• **Directions for this task**: Images do not belong in the copy. Set down all the entries exactly.

::::::::::

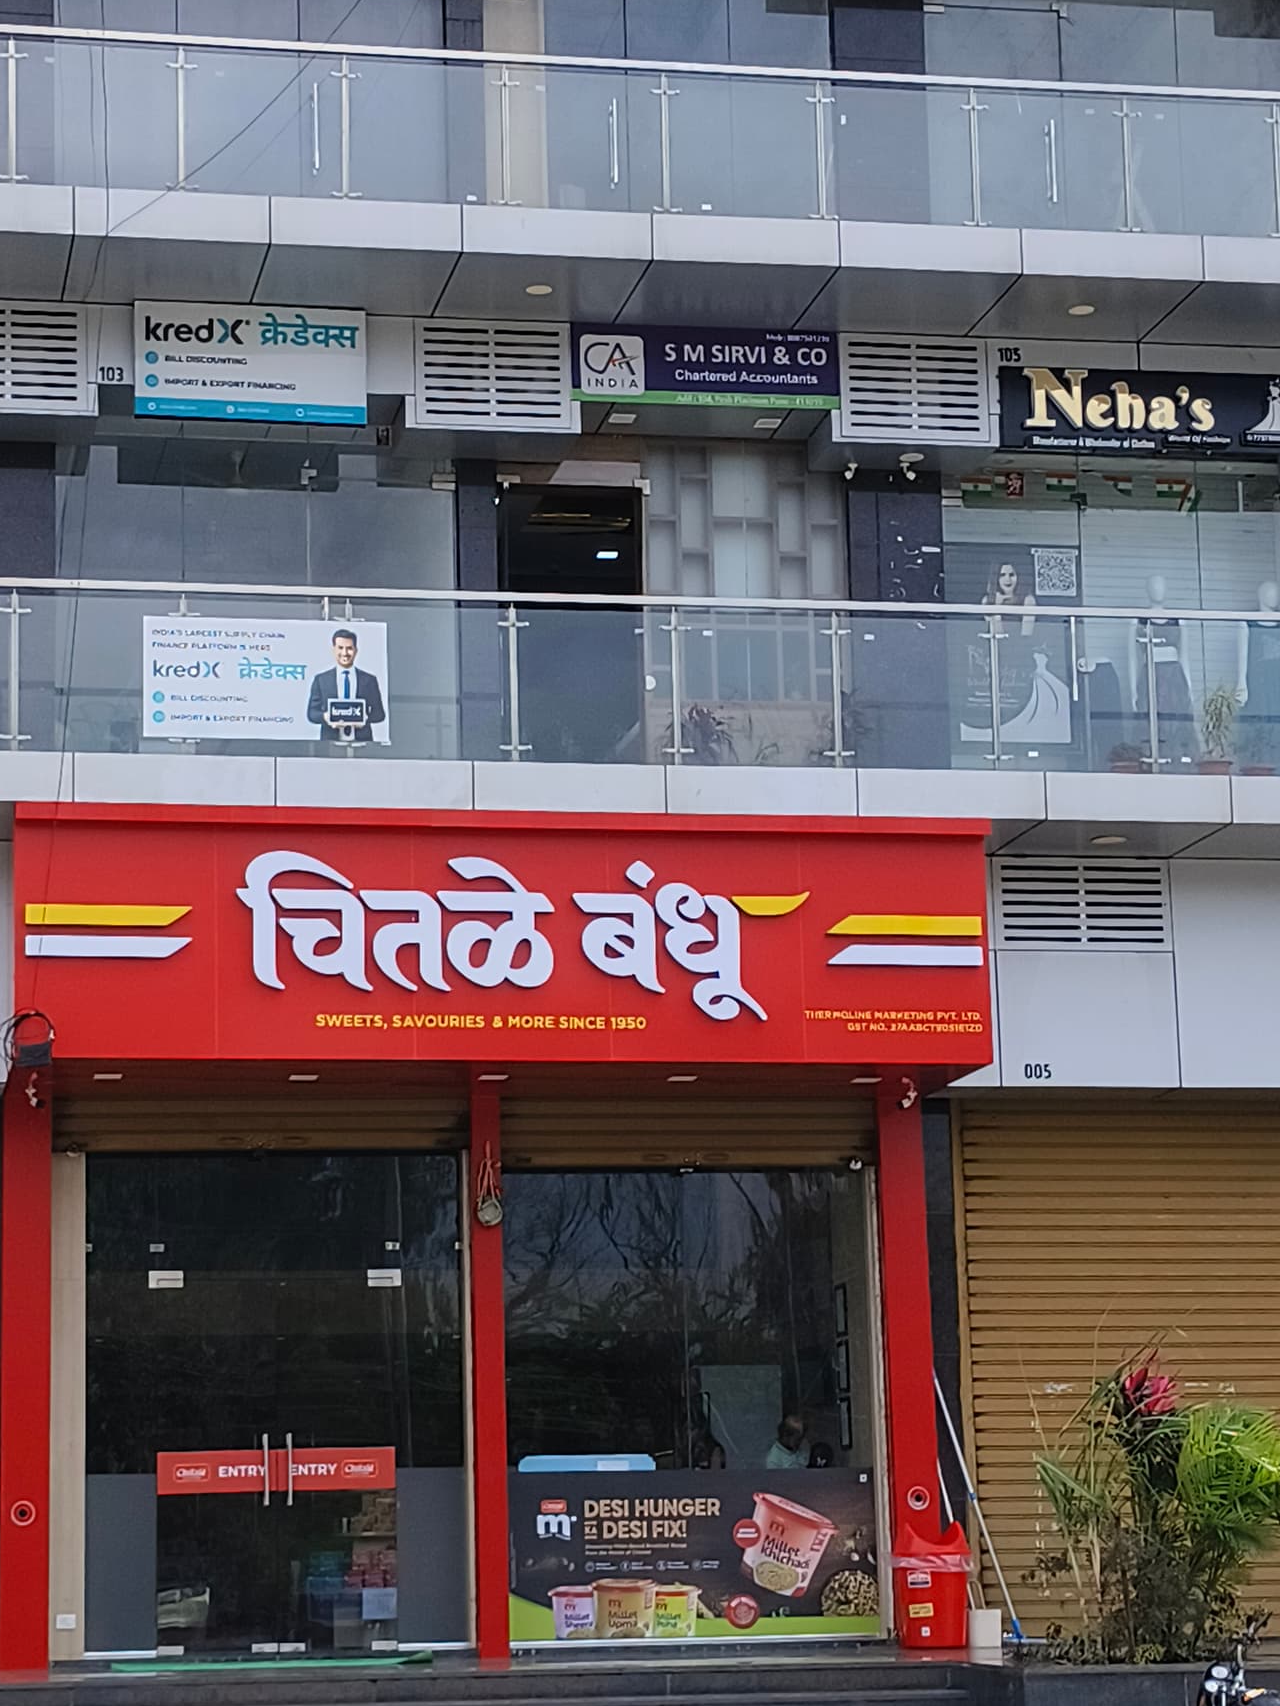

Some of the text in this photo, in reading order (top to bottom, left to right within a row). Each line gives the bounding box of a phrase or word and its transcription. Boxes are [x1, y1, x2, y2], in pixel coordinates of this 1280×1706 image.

[144, 315, 245, 344] kredX
[258, 313, 359, 349] क्रेडेक्स
[186, 356, 247, 365] DISCOUNTING
[584, 342, 637, 376] CA
[664, 343, 827, 366] S M SIRVI & CO
[998, 347, 1021, 363] 105
[98, 366, 124, 383] 103
[587, 377, 639, 389] INDIA
[675, 369, 819, 385] Chartered Accountants
[164, 378, 199, 387] IMPORT
[209, 380, 245, 389] EXPORT
[247, 381, 296, 391] FINANCING
[1022, 367, 1216, 432] Neha's
[152, 659, 221, 678] kredX
[238, 657, 308, 680] क्रेडेक्स
[235, 849, 770, 1023] चितळे बंधू
[315, 1013, 647, 1030] SWEETS, SAVOURIES & MORE SINCE 1950
[874, 1011, 934, 1021] MARKETING
[936, 1011, 959, 1021] PVT.
[961, 1012, 983, 1021] LTD.
[847, 1022, 867, 1032] GST
[869, 1022, 888, 1032] NO.
[1023, 1061, 1053, 1079] 005
[218, 1463, 266, 1478] ENTRY
[290, 1463, 337, 1476] ENTRY
[584, 1499, 629, 1518] DESI
[634, 1498, 720, 1517] HUNGER
[602, 1520, 648, 1539] DESI
[652, 1520, 688, 1538] FIX!
[763, 1534, 801, 1557] Millet

::::::::::

• **Response box**:
Some of the text in this photo, in reading order (top to bottom, left to right within a row). Each line gives the bounding box of a phrase or word and its transcription. Boxes are [x1, y1, x2, y2], in pixel coordinates of this 1280×1706 image.

[144, 315, 245, 344] kredX
[258, 313, 359, 349] क्रेडेक्स
[186, 356, 247, 365] DISCOUNTING
[584, 342, 637, 376] CA
[664, 343, 827, 366] S M SIRVI & CO
[998, 347, 1021, 363] 105
[98, 366, 124, 383] 103
[587, 377, 639, 389] INDIA
[675, 369, 819, 385] Chartered Accountants
[164, 378, 199, 387] IMPORT
[209, 380, 245, 389] EXPORT
[247, 381, 296, 391] FINANCING
[1022, 367, 1216, 432] Neha's
[152, 659, 221, 678] kredX
[238, 657, 308, 680] क्रेडेक्स
[235, 849, 770, 1023] चितळे बंधू
[315, 1013, 647, 1030] SWEETS, SAVOURIES & MORE SINCE 1950
[874, 1011, 934, 1021] MARKETING
[936, 1011, 959, 1021] PVT.
[961, 1012, 983, 1021] LTD.
[847, 1022, 867, 1032] GST
[869, 1022, 888, 1032] NO.
[1023, 1061, 1053, 1079] 005
[218, 1463, 266, 1478] ENTRY
[290, 1463, 337, 1476] ENTRY
[584, 1499, 629, 1518] DESI
[634, 1498, 720, 1517] HUNGER
[602, 1520, 648, 1539] DESI
[652, 1520, 688, 1538] FIX!
[763, 1534, 801, 1557] Millet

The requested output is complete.